Loomba-Albrecht Lindsey A, Styne Dennis M
Department of Pediatrics, Sectionof Endocrinology, University of Califor nia Davis Medical Center, Sacramento, CA, USA.
Pediatr Ann. 2012 Apr;41(4):e1-9. doi: 10.3928/00904481-20120307-08.
Puberty is a complex process of developmental change regulated by multiple genetic and endocrine controls. Abnormal pubertal development (both precocious and delayed puberty) can cause significant distress to the patient and may in some instances be a sign of life-threatening pathology. Delayed puberty is often due to constitutional delay of growth and puberty, but will also occur in cases of primary gonadal failure and in patients with disorders leading to diminished gonadotropin levels (ie, central nervous system [CNS] tumors). Precocious puberty may occur due to CNS disorders, certain genetic disorders, ectopic gonadotropin secretion or autonomous sex steroid secretion. Treatment is directed toward the underlying pathology, and may include agents to either stimulate or block pubertal development. Health care providers require knowledge of the normal onset of timing and rate of progression of puberty, and must be able to identify patients with abnormal pubertal development, as well as initiate the appropriate laboratory workup.

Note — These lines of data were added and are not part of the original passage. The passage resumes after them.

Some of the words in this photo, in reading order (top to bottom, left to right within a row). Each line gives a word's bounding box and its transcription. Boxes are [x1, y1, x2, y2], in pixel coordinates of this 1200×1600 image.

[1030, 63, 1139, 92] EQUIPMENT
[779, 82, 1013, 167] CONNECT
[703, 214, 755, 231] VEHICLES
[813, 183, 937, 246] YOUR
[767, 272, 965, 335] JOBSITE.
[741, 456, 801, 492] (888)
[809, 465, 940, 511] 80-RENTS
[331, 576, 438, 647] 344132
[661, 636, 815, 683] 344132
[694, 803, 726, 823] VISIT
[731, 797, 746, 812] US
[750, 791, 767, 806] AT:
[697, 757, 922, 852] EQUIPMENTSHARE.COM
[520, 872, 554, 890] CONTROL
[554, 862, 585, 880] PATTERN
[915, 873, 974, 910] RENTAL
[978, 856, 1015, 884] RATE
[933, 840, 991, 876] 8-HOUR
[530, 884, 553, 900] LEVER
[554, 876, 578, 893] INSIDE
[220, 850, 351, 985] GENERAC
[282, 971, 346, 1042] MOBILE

青春期是一个由多种遗传和内分泌控制调节的复杂发育变化过程。青春期发育异常(包括性早熟和青春期延迟)会给患者带来极大困扰,在某些情况下可能是危及生命的病理迹象。青春期延迟通常是由于生长和青春期的体质性延迟,但也会发生在原发性性腺功能衰竭以及导致促性腺激素水平降低的疾病患者中(即中枢神经系统[CNS]肿瘤)。性早熟可能由于中枢神经系统疾病、某些遗传疾病、异位促性腺激素分泌或自主性类固醇分泌而发生。治疗针对潜在的病理状况,可能包括刺激或阻断青春期发育的药物。医疗保健提供者需要了解青春期正常开始的时间和进展速度,并且必须能够识别青春期发育异常的患者,并启动适当的实验室检查。